The Pathologist examined the specimens and noted the fetus weighed 225 grams and the placenta weighed 195 grams and measured 12.5x11.5x2 cm (one inch = 2.54 centimeters). The "placenta is ragged and torn". However, the normal appearance of a placenta has very irregular borders.

She stopped significant bleeding and appeared otherwise normal during her hospital stay.

Because, after she went home, bleeding persisted, there was concern for some fragments of retained placenta (products of conception).
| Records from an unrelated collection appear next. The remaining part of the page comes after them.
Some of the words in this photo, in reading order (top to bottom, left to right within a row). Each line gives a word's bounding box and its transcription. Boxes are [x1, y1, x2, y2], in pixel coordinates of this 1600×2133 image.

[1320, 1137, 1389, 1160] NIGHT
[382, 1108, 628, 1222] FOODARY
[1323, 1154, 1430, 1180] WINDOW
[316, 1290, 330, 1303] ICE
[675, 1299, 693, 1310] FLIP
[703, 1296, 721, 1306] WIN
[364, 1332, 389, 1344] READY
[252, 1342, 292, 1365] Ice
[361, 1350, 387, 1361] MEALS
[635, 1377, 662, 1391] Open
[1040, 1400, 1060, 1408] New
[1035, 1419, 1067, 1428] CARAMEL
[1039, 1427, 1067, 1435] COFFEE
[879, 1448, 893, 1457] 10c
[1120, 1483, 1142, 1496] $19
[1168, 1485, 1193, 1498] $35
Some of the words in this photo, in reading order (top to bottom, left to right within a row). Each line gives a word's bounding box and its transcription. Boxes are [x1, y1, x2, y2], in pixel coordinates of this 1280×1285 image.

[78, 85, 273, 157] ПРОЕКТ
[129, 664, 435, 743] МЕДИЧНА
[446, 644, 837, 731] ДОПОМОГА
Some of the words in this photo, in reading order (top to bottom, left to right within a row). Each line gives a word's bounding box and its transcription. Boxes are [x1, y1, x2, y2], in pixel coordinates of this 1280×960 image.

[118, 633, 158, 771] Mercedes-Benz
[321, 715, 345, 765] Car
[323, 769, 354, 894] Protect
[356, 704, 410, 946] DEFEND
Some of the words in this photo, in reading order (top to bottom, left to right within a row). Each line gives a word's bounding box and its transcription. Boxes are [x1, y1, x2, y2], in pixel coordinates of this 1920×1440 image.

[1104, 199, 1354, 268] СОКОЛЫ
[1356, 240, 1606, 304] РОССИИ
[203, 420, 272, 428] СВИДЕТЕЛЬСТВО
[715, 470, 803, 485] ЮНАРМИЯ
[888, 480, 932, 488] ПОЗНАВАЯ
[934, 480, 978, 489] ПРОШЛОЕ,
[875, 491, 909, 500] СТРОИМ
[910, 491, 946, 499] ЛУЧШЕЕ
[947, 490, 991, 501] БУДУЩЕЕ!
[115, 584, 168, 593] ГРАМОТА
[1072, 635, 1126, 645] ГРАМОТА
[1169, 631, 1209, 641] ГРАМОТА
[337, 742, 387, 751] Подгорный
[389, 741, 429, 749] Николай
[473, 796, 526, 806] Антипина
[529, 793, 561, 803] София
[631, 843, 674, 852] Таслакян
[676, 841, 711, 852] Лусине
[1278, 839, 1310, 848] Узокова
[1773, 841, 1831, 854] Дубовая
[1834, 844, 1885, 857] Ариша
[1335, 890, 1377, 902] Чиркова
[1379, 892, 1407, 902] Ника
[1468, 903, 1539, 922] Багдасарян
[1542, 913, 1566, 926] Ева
An ultrasound on 4/22 was consistent with that diagnosis, so she underwent a D&C (dilatation and curettage: scraping of the uterine lining) on 4/22.

At surgery they found "a moderate amount of blood with minimal amount of products of conception". The pathologist who found only 4x3.5x0.6 cm flesh also confirmed this and microscopically there were "focal areas suggestive of retained products of conception".

She did well and was sent home.

I find no departures from the standards of care.

The placenta was evaluated and found "intact".

When bleeding persisted she had an indicated D&C which found only minimal areas suggestive of small pieces of placenta. This was not a large piece missed, which would be negligent. There will probably be no damages for her future fertility.